Work request » With the images left out, print every entry that follows exactly.

Records provided »
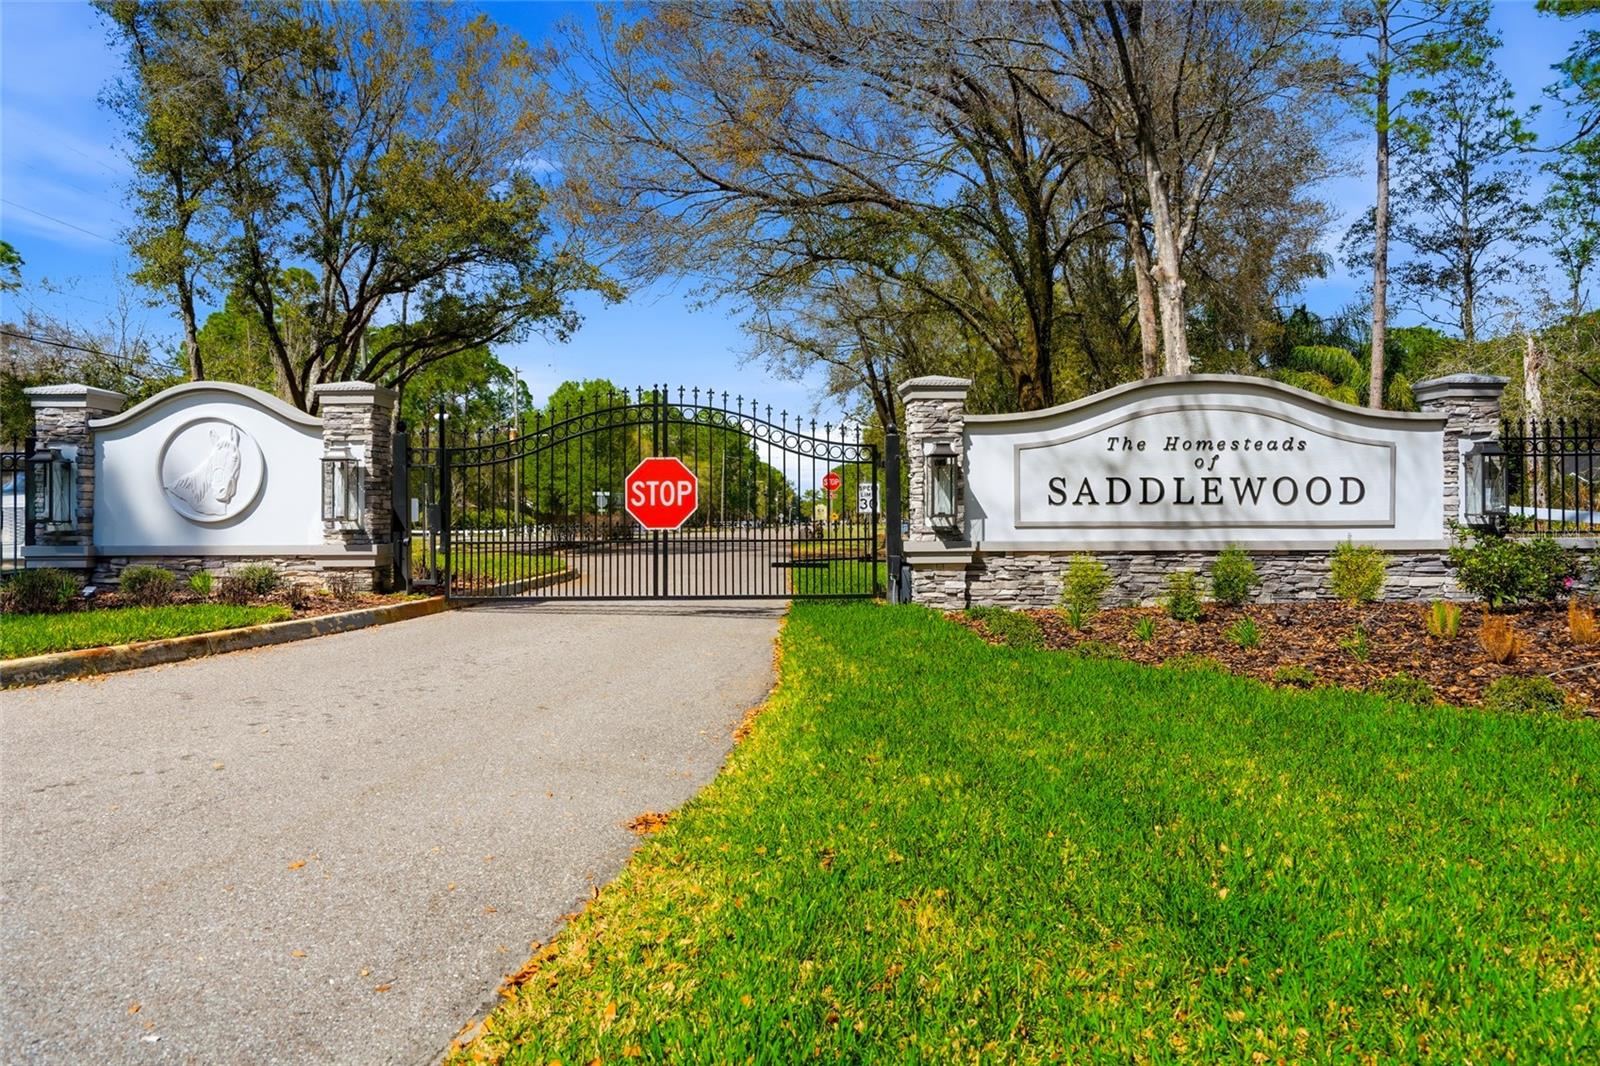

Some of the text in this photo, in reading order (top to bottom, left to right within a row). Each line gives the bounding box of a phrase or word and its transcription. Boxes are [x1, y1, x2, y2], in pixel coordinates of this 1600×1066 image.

[1107, 436, 1308, 451] The Homesteads
[1194, 454, 1220, 471] of
[631, 480, 692, 506] STOP
[1048, 476, 1366, 506] SADDLEWOOD
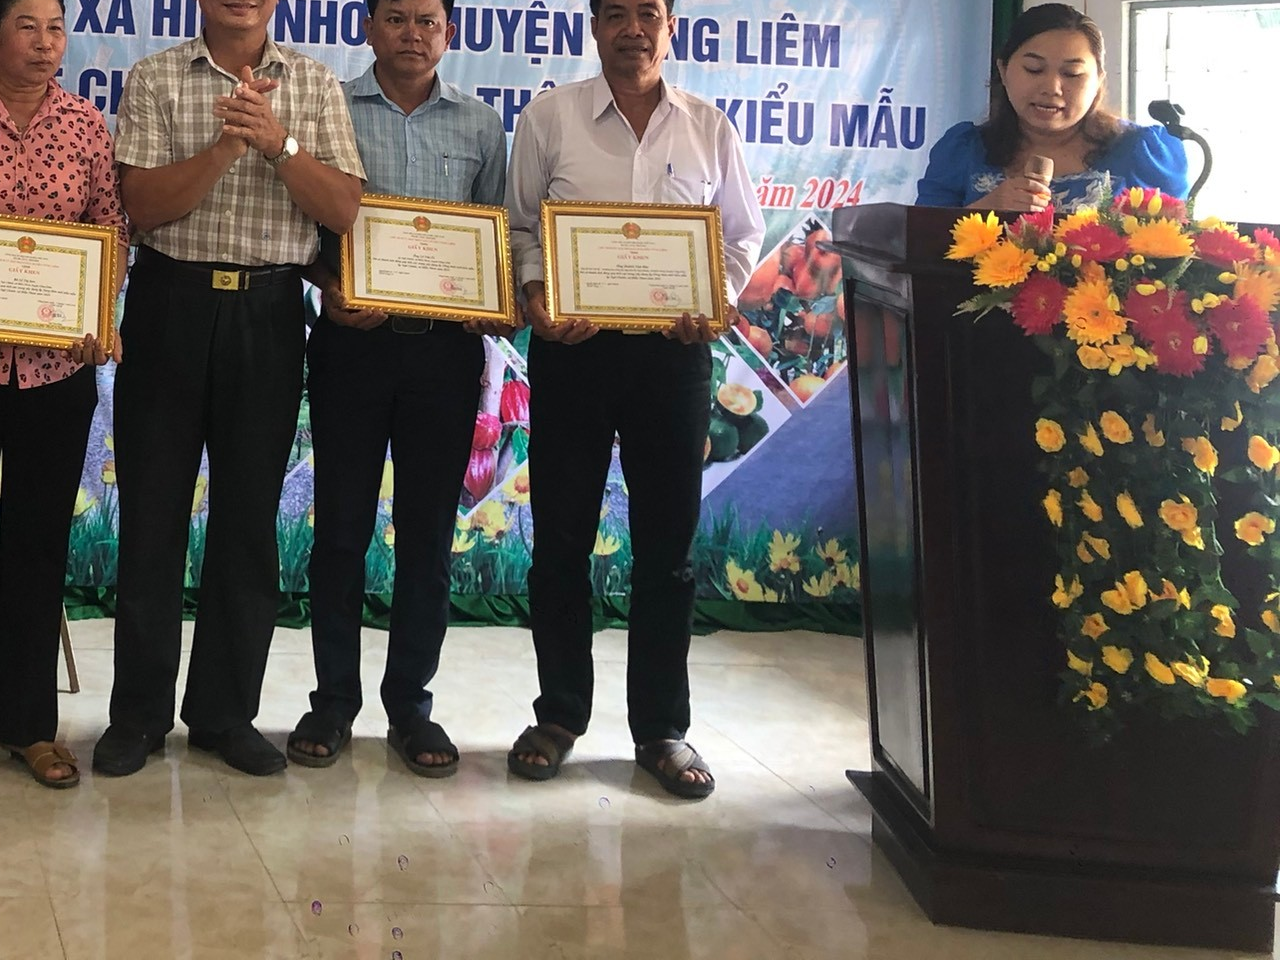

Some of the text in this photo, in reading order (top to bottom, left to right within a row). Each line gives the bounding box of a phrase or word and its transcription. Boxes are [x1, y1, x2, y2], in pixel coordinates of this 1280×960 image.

Result for this exercise »
Some of the text in this photo, in reading order (top to bottom, left to right within a row). Each line gives the bounding box of a phrase or word and its transcription. Boxes are [x1, y1, x2, y2], in pixel coordinates of this 1600×1066 image.

[1107, 436, 1308, 451] The Homesteads
[1194, 454, 1220, 471] of
[631, 480, 692, 506] STOP
[1048, 476, 1366, 506] SADDLEWOOD

Some of the text in this photo, in reading order (top to bottom, left to right within a row). Each line gives the bounding box of a phrase or word and its transcription. Boxes are [x1, y1, x2, y2], in pixel coordinates of this 1280×960 image.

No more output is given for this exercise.